English

New government data show 64,000 Americans died due to drug overdose in 2016

Approximately 64,000 Americans died in 2016 from drug overdose, a jump of 21 percent from the previous year, according to newly released figures from the federal Centers for Disease Control and Prevention (CDC).

The report substantiates earlier studies that have shown sharp increases in mortality rates due to “deaths of despair,” such as drug overdoses, alcoholism and suicides, driven by widespread social misery within the American working class. Last month, a report by the Society of Actuaries showed that American life expectancy declined in 2015 for the first time in more than two decades.

Nearly 20 people per 100,000 died of a drug overdose in 2016, compared to 16.3 per 100,000 in 2015. This one-year increase is larger than the combined four-year increase in the drug mortality rate from 2011 to 2015, Bloomberg News noted. The current rate is also more than triple that in 1999, when it was around 6 per 100,000.

While drug overdoses among teenagers declined somewhat, the overall rise in overdose deaths has impacted both young adults and the middle-aged. “We have roughly two groups of Americans that are getting addicted,” an opioid addiction researcher told the New York Times. “We have an older group that is overdosing on pain medicine, and we have a younger group that is overdosing on black market opioids.”

A criminal role in the growing opioid epidemic is being played by the US pharmaceuticals industry, which has flooded impoverished communities with highly addictive opioid painkiller drugs. A report last month by the CDC found that in 10 states more than 50 percent of deaths due to opioids, a class of drugs that includes heroin, were caused by the prescription drug fentanyl. Fentanyl is a highly addictive painkiller that is 50 to 100 times more potent than morphine, and which has been marketed over the years in patches, sprays and even lollipops.

US drug companies, working through lobbyists and influential members of Congress, have repeatedly blocked attempts to strengthen federal oversight of opioid sales. A report on the news program “60 Minutes” last month exposed the bipartisan push, led by Republican congressman Tom Marino, to block the Drug Enforcement Administration (DEA) from halting unusually large shipments of opioids, which culminated in the passage of the 2016 Ensuring Patient Access and Effective Drug Enforcement Act, which was signed into law by Obama.

Rural areas, such as parts of Appalachia, where social conditions are particularly dire, have been the hardest hit by the opioid epidemic. This is the reverse of the situation in 1999, according to a previous report by the CDC, when the rates of drug overdose in urban and rural areas where 6.4 and 4.0 per 100,000, respectively.

However, the study noted that both rural and urban areas saw substantial increases over that time and that this “was consistent across sex, race, and intent (unintentional, suicide, homicide, or undetermined).” Provisional statistics for 2016 released in August showed a 50 percent increase in drug overdose deaths in New York City, for a total of 1,478 deaths.

The CDC’s statistics also found a significant rise in the number of deaths due to firearms, to more than 38,000. The mortality rate from gunshot wounds also increased sharply in 2015, after staying relatively constant in previous years.

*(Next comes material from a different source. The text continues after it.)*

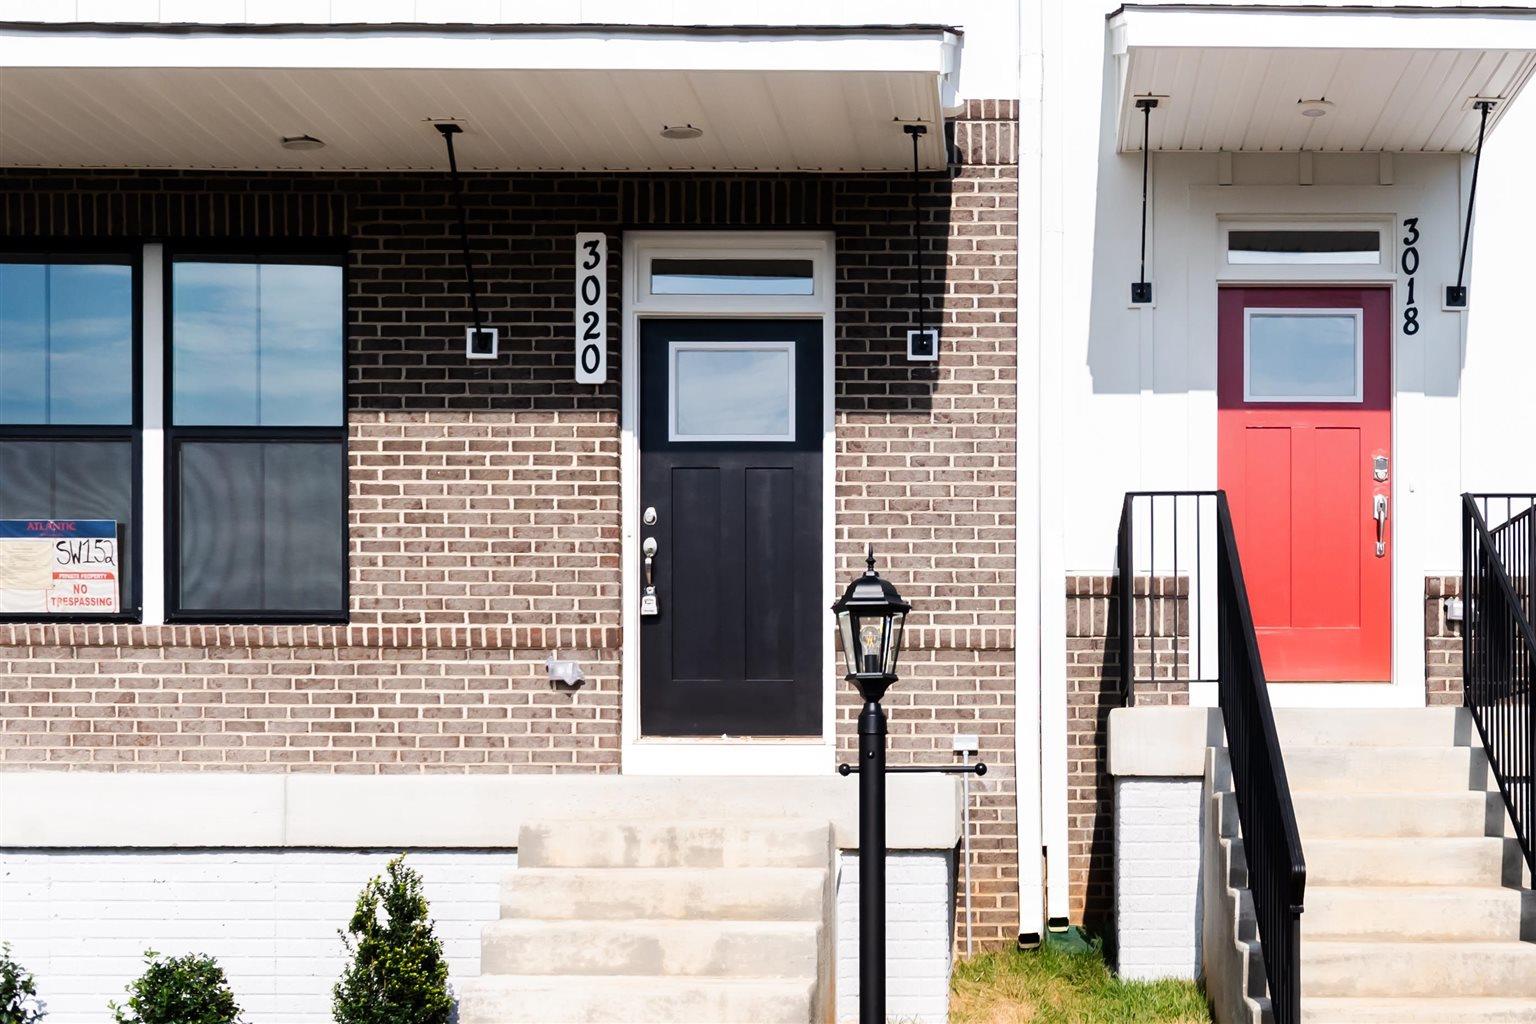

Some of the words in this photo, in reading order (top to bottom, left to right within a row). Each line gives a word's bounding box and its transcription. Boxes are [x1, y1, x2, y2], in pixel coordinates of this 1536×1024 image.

While, as in years past, the vast majority of these deaths were due to suicide, the increase in 2016 was mostly due to an increase in homicides.

Even as the CDC report recorded notable declines in the death rates for heart disease and cancer, the two leading causes of death in the United States, the overall mortality rate continues to climb and life expectancy has even begun to decline. Improvements in treatment methods and medical technology have been more than offset by “deaths of despair” among workers facing an economic and social situation that many find increasingly impossible to bear.

The response of President Trump, who recently declared that the opioid crisis would “get worse before it gets better,” exudes indifference and contempt. His administration has refused to declare a state of emergency in the opioid epidemic, as recommended by his own hand-picked commission, because such an announcement would obligate the government to commit significant resources to meet the crisis.

Instead, Trump declared a toothless “public health emergency” last month without committing any new public resources, while calling for an advertising campaign to discourage opioid use. The cost of curbing the opioid epidemic has been estimated at $60 billion over 10 years, a small fraction of the annual budget of the US military.

However, the CDC report itself is principally an indictment of the Democratic Party and the former Obama administration, which was in the third year of its second term during the period of the study. The growth of opioid deaths is the result of the measures enacted by the Democrats, with the support of the entire political establishment, after the 2008 financial crisis. Social resources were used to prop up the profits of American capitalism through the intensified exploitation of the working class, resulting in the largest transfer of wealth from the poor to the rich in American history.